Barry Mann is considered by many to be one of the strongest and most successful pop music songwriters in history. Along with his writing partner/lyricist and wife Cynthia Weil, Mann has co-penned a slew of timeless songs including 'On Broadway', 'Here You Come Again', 'Somewhere Out There', 'Don't Know Much', 'Never Gonna Let You Go', 'Sometimes When We Touch', 'We Gotta Get Out Of This Place' and the most played song in radio history, 'You've Lost That Lovin' Feeling'.

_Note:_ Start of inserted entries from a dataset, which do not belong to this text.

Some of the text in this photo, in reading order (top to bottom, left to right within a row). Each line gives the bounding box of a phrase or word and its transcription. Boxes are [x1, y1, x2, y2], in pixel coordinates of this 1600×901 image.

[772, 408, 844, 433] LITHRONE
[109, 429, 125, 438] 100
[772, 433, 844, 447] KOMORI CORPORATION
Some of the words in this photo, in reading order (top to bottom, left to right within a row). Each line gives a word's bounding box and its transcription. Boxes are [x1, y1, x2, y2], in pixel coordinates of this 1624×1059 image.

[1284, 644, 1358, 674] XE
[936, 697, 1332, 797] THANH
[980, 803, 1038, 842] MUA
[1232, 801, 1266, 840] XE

Mann was born Barry Iberman in Brooklyn, NY on February 29, 1939 and first landed on the pop charts as a teenage songwriter in the late 50s with the novelty hit 'She Say (Oom Dooby Doom)'. Shortly thereafter, he started working at Don Kirshner's and Al Nevins' Aldon Music as part of the now legendary "Brill Building writers". It was a time when young, budding songwriters dominated the pop charts and raised the bar for the American pop song. Among his colleagues were Carole King and Gerry Goffin, Neil Sedaka, Carol Bayer Sager, Jerry Leiber and Mike Stoller, Phil Spector and the woman who would become his partner in life and music, lyricist Cynthia Weil. The two soon embarked on their remarkably successful personal and professional relationship.

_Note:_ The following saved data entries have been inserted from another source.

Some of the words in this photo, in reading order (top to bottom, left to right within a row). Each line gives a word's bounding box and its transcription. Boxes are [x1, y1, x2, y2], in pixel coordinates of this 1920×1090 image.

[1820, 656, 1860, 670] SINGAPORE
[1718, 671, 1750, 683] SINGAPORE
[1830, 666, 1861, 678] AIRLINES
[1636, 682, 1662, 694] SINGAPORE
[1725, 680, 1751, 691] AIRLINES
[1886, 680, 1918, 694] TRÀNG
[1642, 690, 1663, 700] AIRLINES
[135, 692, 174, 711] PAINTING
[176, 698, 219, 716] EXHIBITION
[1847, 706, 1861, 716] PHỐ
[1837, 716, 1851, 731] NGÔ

In 1961, Mann and Weil had a Top 10 hit (peaking at #7) with the novelty song 'Who Put The Bomp (In The Bomp, Bomp, Bomp)', which Mann also sings lead vocals on. Most of the hit songs the duo wrote however, were performed by other artists, including 'We Gotta Get Out Of This Place' by the Animals, 'Kicks' and 'Hungry' by Paul Revere & The Raiders, and 'Love Is Only Sleeping' by the Monkees to name a few. In 1966, Mann issued a 45 that includes the outstanding 'Looking At Tomorrow' on the B-side, which was later masterfully covered by both the Standells and Irish band the Creatures (both featured here on TWOS). In early 1968, Mann wrote and performed the excellent 'The Young Electric Psychedelic Hippie Flippy Folk And Funky Philosophic Turned On Groovy 12 String Band', which cleverly pokes fun of the hippie counterculture. Later that year, Mann and Weil supplied music and songs for the fictional band Max Frost & The Troopers featured in the movie Wild in the Streets. At around this time, they also wrote the catchy 'Listen To The Music', which was performed by the Second Time and also appears on the Wild in the Streets motion picture soundtrack.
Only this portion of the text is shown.